**Work instructions:**
All pictures are to be excluded when the data below is output verbatim.

**Text-to-region grounding data:**
Content starts

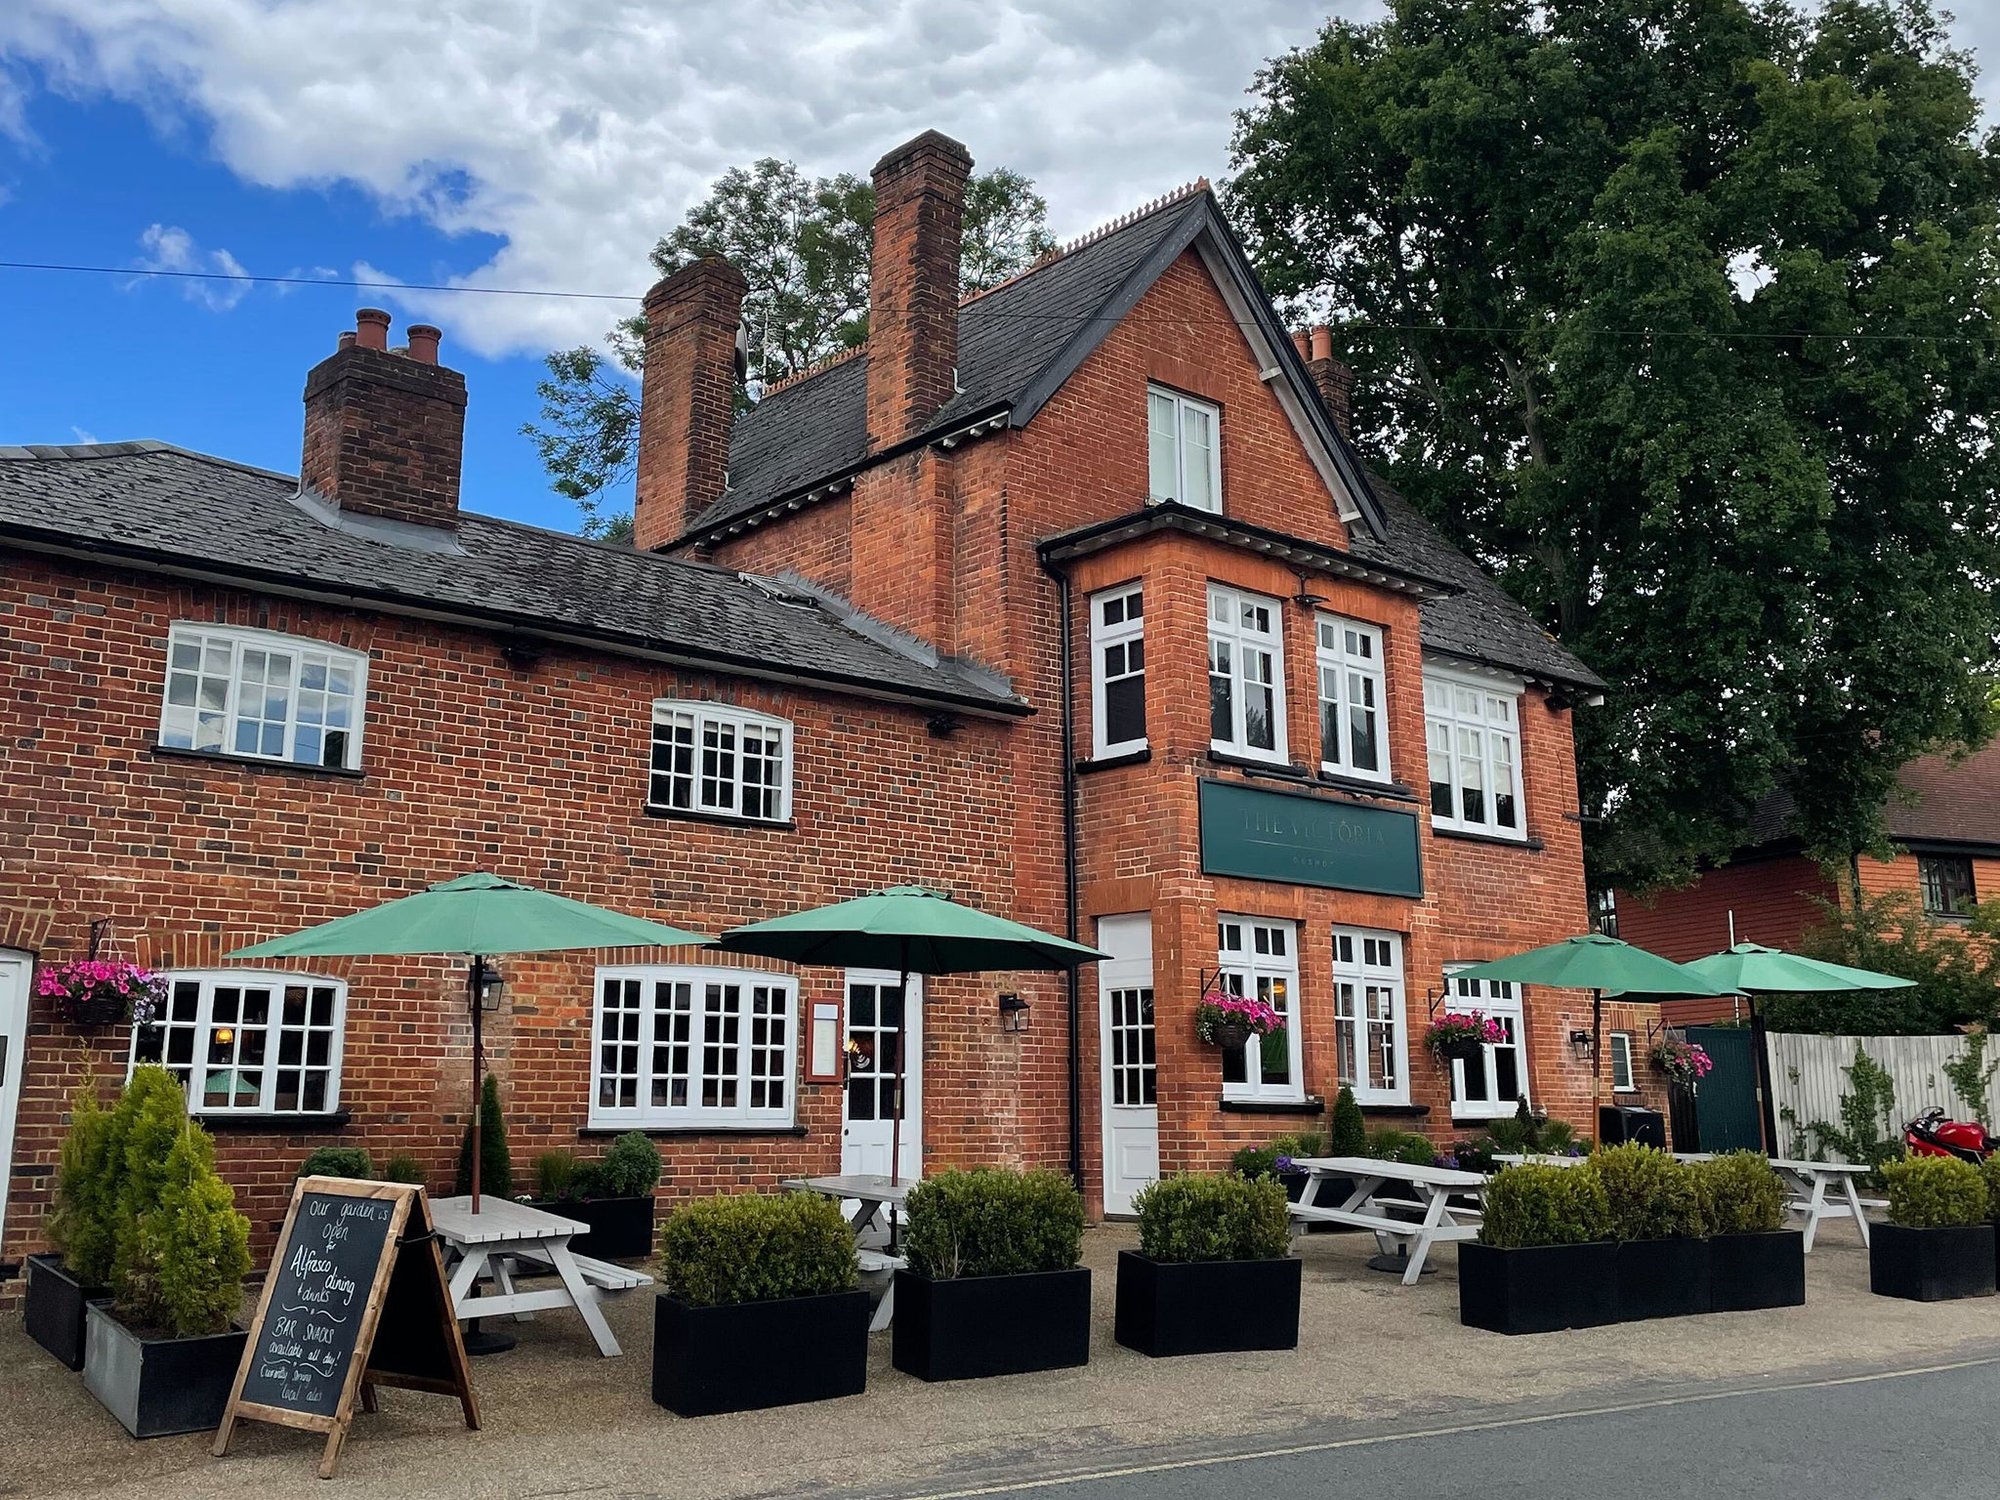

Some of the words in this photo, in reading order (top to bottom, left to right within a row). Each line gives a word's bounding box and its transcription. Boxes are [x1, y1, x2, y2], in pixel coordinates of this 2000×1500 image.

[1240, 808, 1284, 834] THE
[309, 1200, 331, 1216] Our
[337, 1202, 374, 1226] garden
[378, 1210, 388, 1220] is
[325, 1241, 337, 1254] for
[302, 1286, 331, 1302] drinks
[325, 1266, 355, 1306] dining
[271, 1316, 298, 1338] BAR
[302, 1323, 334, 1344] SNACKS
[268, 1340, 303, 1358] available
[307, 1349, 321, 1361] all
[281, 1384, 301, 1401] local

Content ends

**Task solution:**
Some of the words in this photo, in reading order (top to bottom, left to right within a row). Each line gives a word's bounding box and its transcription. Boxes are [x1, y1, x2, y2], in pixel coordinates of this 2000×1500 image.

[1240, 808, 1284, 834] THE
[309, 1200, 331, 1216] Our
[337, 1202, 374, 1226] garden
[378, 1210, 388, 1220] is
[325, 1241, 337, 1254] for
[302, 1286, 331, 1302] drinks
[325, 1266, 355, 1306] dining
[271, 1316, 298, 1338] BAR
[302, 1323, 334, 1344] SNACKS
[268, 1340, 303, 1358] available
[307, 1349, 321, 1361] all
[281, 1384, 301, 1401] local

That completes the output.